(Images for object localization)
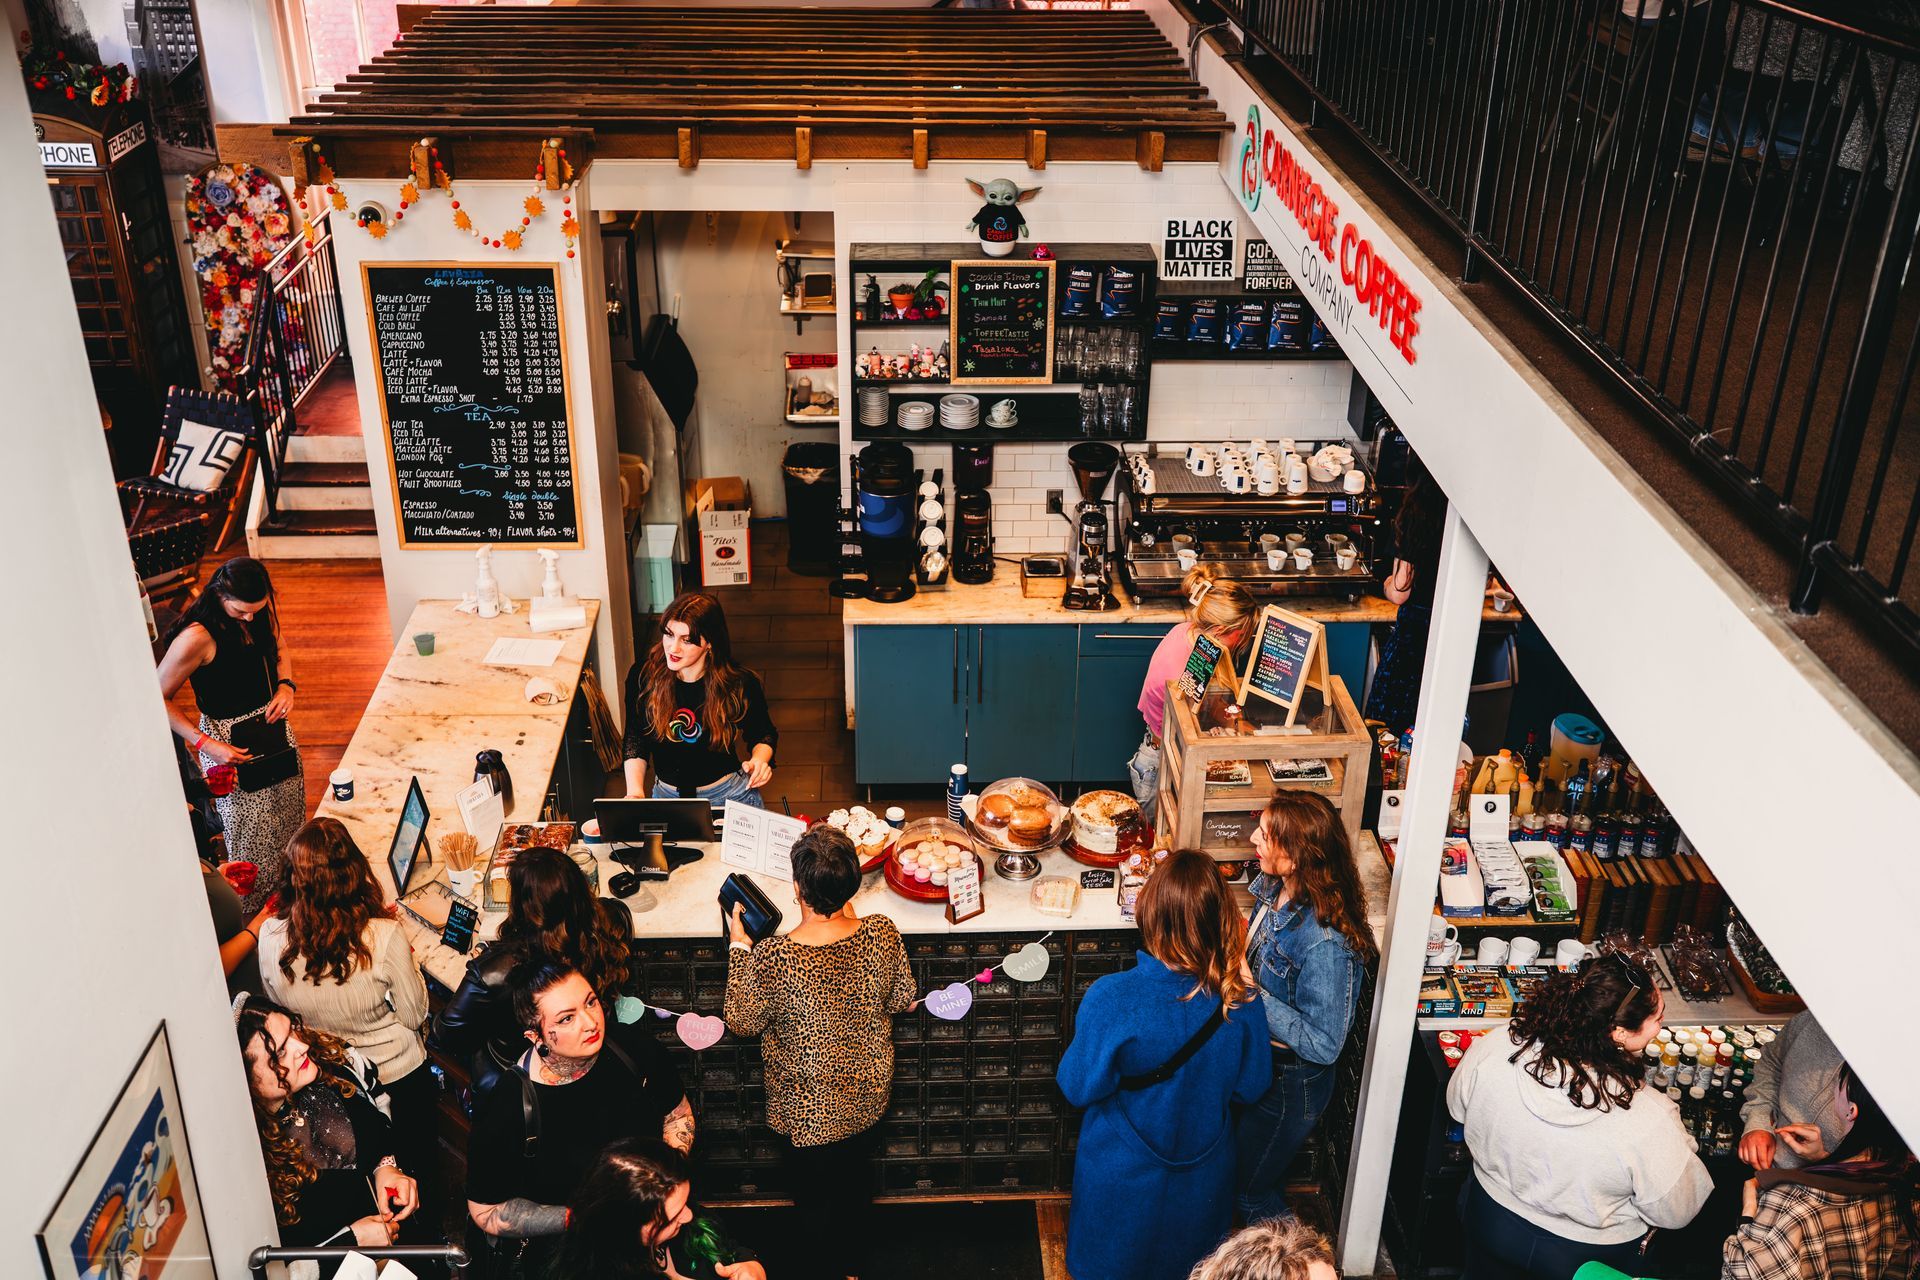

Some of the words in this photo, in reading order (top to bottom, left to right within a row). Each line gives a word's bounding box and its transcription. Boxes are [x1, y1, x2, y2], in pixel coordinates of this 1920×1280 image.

[109, 122, 145, 158] TELEPHONE
[1167, 220, 1233, 238] BLACK
[1175, 242, 1224, 258] LIVES
[1262, 129, 1340, 264] CARNEGIE
[1340, 222, 1423, 366] COFFEE
[1164, 261, 1233, 277] MATTER
[975, 283, 999, 291] Drink
[1245, 277, 1293, 290] FOREVER
[1301, 245, 1354, 335] COMPANY
[375, 294, 403, 303] BREWED
[405, 293, 431, 303] COFFEE
[475, 295, 492, 303] 2.25
[497, 295, 513, 303] 2.55
[519, 295, 534, 303] 2.90
[539, 295, 555, 303] 3.25
[399, 304, 408, 312] AU
[411, 304, 427, 312] LAIT
[476, 304, 493, 312] 2.45
[498, 304, 514, 312] 2.75
[520, 304, 535, 312] 3.10
[539, 304, 555, 312] 3.45
[378, 313, 394, 321] ICED
[396, 312, 420, 321] COFFEE
[378, 321, 395, 330] COLD
[398, 321, 416, 330] BREW
[380, 331, 422, 340] AMERICANO
[480, 331, 497, 340] 2.75
[500, 331, 518, 340] 3.20
[523, 331, 539, 340] 3.60
[542, 331, 557, 340] 4.00
[381, 340, 425, 349] CAPPUCCINO
[481, 340, 497, 348] 3.40
[501, 340, 517, 348] 3.75
[523, 340, 539, 348] 4.20
[542, 340, 557, 348] 4.70
[383, 349, 408, 358] LATTE
[383, 359, 408, 367] LATTE
[415, 358, 443, 367] FLAVOR
[407, 367, 433, 376] MOCHA
[387, 377, 403, 385] ICED
[406, 377, 428, 385] LATTE
[387, 386, 404, 394] ICED
[406, 386, 427, 394] LATTE
[433, 385, 459, 394] FLAVOR
[505, 386, 522, 394] 4.65
[528, 386, 543, 394] 5.20
[547, 386, 562, 394] 5.80
[400, 394, 421, 403] EXTRA
[423, 393, 454, 403] ESPRESSO
[459, 394, 476, 403] SHOT
[517, 395, 533, 403] 1.75
[464, 412, 491, 421] TEA
[391, 420, 407, 429] HOT
[411, 420, 424, 429] TEA
[489, 421, 506, 429] 2.90
[510, 421, 527, 429] 3.00
[532, 421, 546, 429] 3.10
[551, 421, 566, 429] 3.20
[393, 429, 409, 437] ICED
[411, 429, 424, 437] TEA
[393, 437, 413, 446] CHAI
[415, 437, 441, 446] LATTE
[394, 445, 426, 454] MATCHA
[429, 446, 452, 454] LATTE
[429, 453, 444, 464] FOG
[398, 470, 414, 478] HOT
[415, 468, 455, 478] CHOCOLATE
[494, 470, 509, 478] 3.00
[515, 470, 530, 478] 3.50
[536, 470, 551, 478] 4.00
[554, 470, 570, 478] 4.50
[399, 479, 420, 488] FRUIT
[423, 478, 462, 488] SMOOTHIES
[515, 479, 530, 487] 4.50
[537, 479, 553, 487] 5.50
[555, 479, 571, 487] 6.50
[402, 500, 437, 509] ESPRESSO
[508, 501, 524, 509] 3.00
[537, 501, 553, 509] 3.50
[404, 508, 475, 519] MACCHIATO/CORTADO
[509, 511, 525, 520] 3.40
[538, 511, 555, 520] 3.70
[414, 525, 434, 536] MILK
[435, 525, 482, 537] alternatives
[506, 526, 535, 536] FLAVOR
[713, 537, 737, 545] Tito's
[1012, 953, 1045, 977] SMILE
[939, 990, 955, 1001] BE
[935, 997, 968, 1014] MINE
[686, 1020, 718, 1031] TRUE
[681, 1030, 715, 1041] LOVE
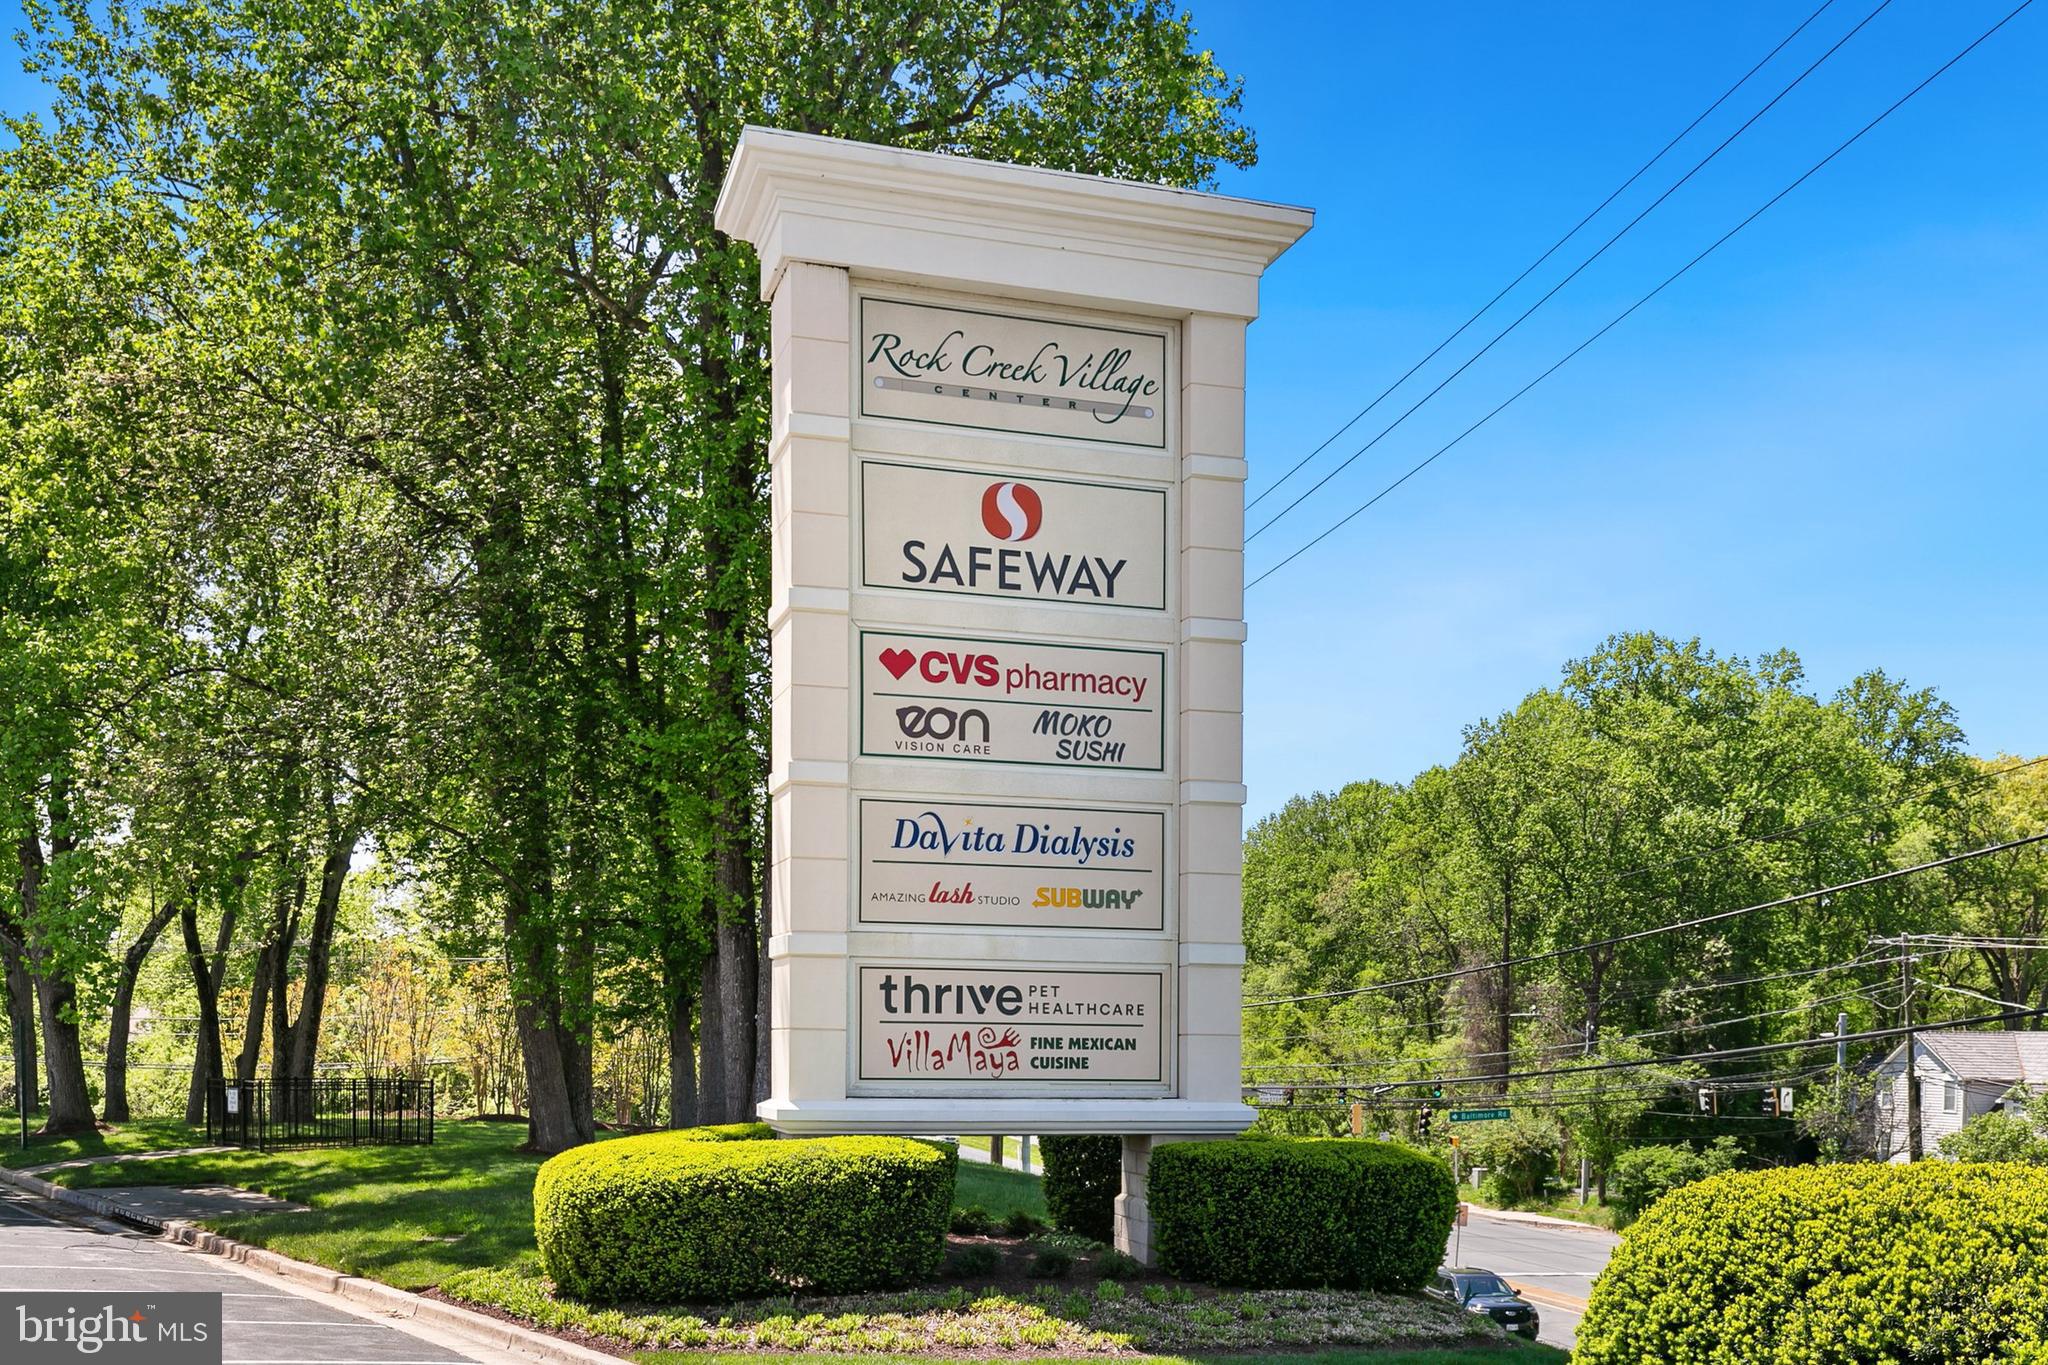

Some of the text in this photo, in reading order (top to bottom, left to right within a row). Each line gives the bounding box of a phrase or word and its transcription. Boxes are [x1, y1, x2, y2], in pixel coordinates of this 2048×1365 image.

[867, 330, 1160, 424] Rock Creek Village
[933, 384, 1078, 409] CENTER
[902, 540, 1128, 598] SAFEWAY
[919, 650, 1148, 703] CVS pharmacy
[1032, 709, 1112, 738] MOKO
[895, 740, 991, 755] VISION CARE
[1055, 738, 1127, 763] SUSHI
[891, 811, 1135, 865] DaVita Dialysis
[871, 880, 1021, 907] AMAZING lash STUDIO
[1031, 886, 1144, 910] SUBWAY
[879, 974, 1023, 1016] thrive
[1028, 985, 1060, 998] PET
[1028, 1002, 1145, 1016] HEALTHCARE
[1030, 1036, 1137, 1051] FINE MEXICAN
[1030, 1056, 1090, 1070] CUISINE
[1461, 1112, 1495, 1120] Baltimore
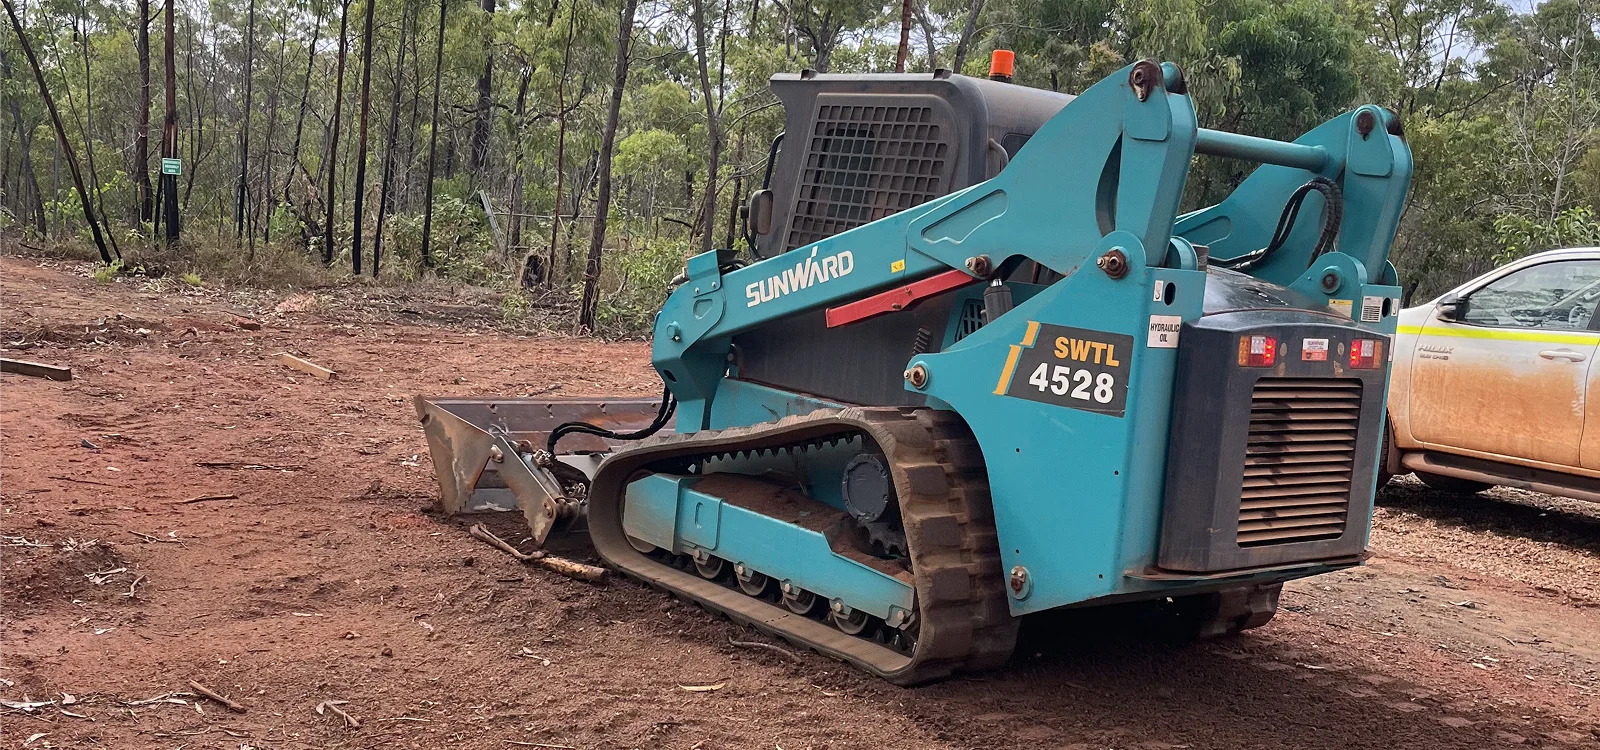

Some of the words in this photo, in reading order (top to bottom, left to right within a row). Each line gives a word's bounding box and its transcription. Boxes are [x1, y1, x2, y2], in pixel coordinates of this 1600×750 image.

[745, 246, 854, 308] SUNWARD
[1150, 323, 1180, 333] HYDRAULIC
[1159, 334, 1168, 343] OIL
[1054, 336, 1120, 367] SWTL
[1029, 362, 1115, 404] 4528

-- Problem statement --
Omitting all pictures, copy the preceding entries without any alteration.

-- Solution --
Some of the words in this photo, in reading order (top to bottom, left to right within a row). Each line gives a word's bounding box and its transcription. Boxes are [x1, y1, x2, y2], in pixel coordinates of this 1920×1280 image.

[109, 122, 145, 158] TELEPHONE
[1167, 220, 1233, 238] BLACK
[1175, 242, 1224, 258] LIVES
[1262, 129, 1340, 264] CARNEGIE
[1340, 222, 1423, 366] COFFEE
[1164, 261, 1233, 277] MATTER
[975, 283, 999, 291] Drink
[1245, 277, 1293, 290] FOREVER
[1301, 245, 1354, 335] COMPANY
[375, 294, 403, 303] BREWED
[405, 293, 431, 303] COFFEE
[475, 295, 492, 303] 2.25
[497, 295, 513, 303] 2.55
[519, 295, 534, 303] 2.90
[539, 295, 555, 303] 3.25
[399, 304, 408, 312] AU
[411, 304, 427, 312] LAIT
[476, 304, 493, 312] 2.45
[498, 304, 514, 312] 2.75
[520, 304, 535, 312] 3.10
[539, 304, 555, 312] 3.45
[378, 313, 394, 321] ICED
[396, 312, 420, 321] COFFEE
[378, 321, 395, 330] COLD
[398, 321, 416, 330] BREW
[380, 331, 422, 340] AMERICANO
[480, 331, 497, 340] 2.75
[500, 331, 518, 340] 3.20
[523, 331, 539, 340] 3.60
[542, 331, 557, 340] 4.00
[381, 340, 425, 349] CAPPUCCINO
[481, 340, 497, 348] 3.40
[501, 340, 517, 348] 3.75
[523, 340, 539, 348] 4.20
[542, 340, 557, 348] 4.70
[383, 349, 408, 358] LATTE
[383, 359, 408, 367] LATTE
[415, 358, 443, 367] FLAVOR
[407, 367, 433, 376] MOCHA
[387, 377, 403, 385] ICED
[406, 377, 428, 385] LATTE
[387, 386, 404, 394] ICED
[406, 386, 427, 394] LATTE
[433, 385, 459, 394] FLAVOR
[505, 386, 522, 394] 4.65
[528, 386, 543, 394] 5.20
[547, 386, 562, 394] 5.80
[400, 394, 421, 403] EXTRA
[423, 393, 454, 403] ESPRESSO
[459, 394, 476, 403] SHOT
[517, 395, 533, 403] 1.75
[464, 412, 491, 421] TEA
[391, 420, 407, 429] HOT
[411, 420, 424, 429] TEA
[489, 421, 506, 429] 2.90
[510, 421, 527, 429] 3.00
[532, 421, 546, 429] 3.10
[551, 421, 566, 429] 3.20
[393, 429, 409, 437] ICED
[411, 429, 424, 437] TEA
[393, 437, 413, 446] CHAI
[415, 437, 441, 446] LATTE
[394, 445, 426, 454] MATCHA
[429, 446, 452, 454] LATTE
[429, 453, 444, 464] FOG
[398, 470, 414, 478] HOT
[415, 468, 455, 478] CHOCOLATE
[494, 470, 509, 478] 3.00
[515, 470, 530, 478] 3.50
[536, 470, 551, 478] 4.00
[554, 470, 570, 478] 4.50
[399, 479, 420, 488] FRUIT
[423, 478, 462, 488] SMOOTHIES
[515, 479, 530, 487] 4.50
[537, 479, 553, 487] 5.50
[555, 479, 571, 487] 6.50
[402, 500, 437, 509] ESPRESSO
[508, 501, 524, 509] 3.00
[537, 501, 553, 509] 3.50
[404, 508, 475, 519] MACCHIATO/CORTADO
[509, 511, 525, 520] 3.40
[538, 511, 555, 520] 3.70
[414, 525, 434, 536] MILK
[435, 525, 482, 537] alternatives
[506, 526, 535, 536] FLAVOR
[713, 537, 737, 545] Tito's
[1012, 953, 1045, 977] SMILE
[939, 990, 955, 1001] BE
[935, 997, 968, 1014] MINE
[686, 1020, 718, 1031] TRUE
[681, 1030, 715, 1041] LOVE

Some of the text in this photo, in reading order (top to bottom, left to right within a row). Each line gives the bounding box of a phrase or word and its transcription. Boxes are [x1, y1, x2, y2], in pixel coordinates of this 2048×1365 image.

[867, 330, 1160, 424] Rock Creek Village
[933, 384, 1078, 409] CENTER
[902, 540, 1128, 598] SAFEWAY
[919, 650, 1148, 703] CVS pharmacy
[1032, 709, 1112, 738] MOKO
[895, 740, 991, 755] VISION CARE
[1055, 738, 1127, 763] SUSHI
[891, 811, 1135, 865] DaVita Dialysis
[871, 880, 1021, 907] AMAZING lash STUDIO
[1031, 886, 1144, 910] SUBWAY
[879, 974, 1023, 1016] thrive
[1028, 985, 1060, 998] PET
[1028, 1002, 1145, 1016] HEALTHCARE
[1030, 1036, 1137, 1051] FINE MEXICAN
[1030, 1056, 1090, 1070] CUISINE
[1461, 1112, 1495, 1120] Baltimore

Some of the words in this photo, in reading order (top to bottom, left to right within a row). Each line gives a word's bounding box and its transcription. Boxes are [x1, y1, x2, y2], in pixel coordinates of this 1600×750 image.

[745, 246, 854, 308] SUNWARD
[1150, 323, 1180, 333] HYDRAULIC
[1159, 334, 1168, 343] OIL
[1054, 336, 1120, 367] SWTL
[1029, 362, 1115, 404] 4528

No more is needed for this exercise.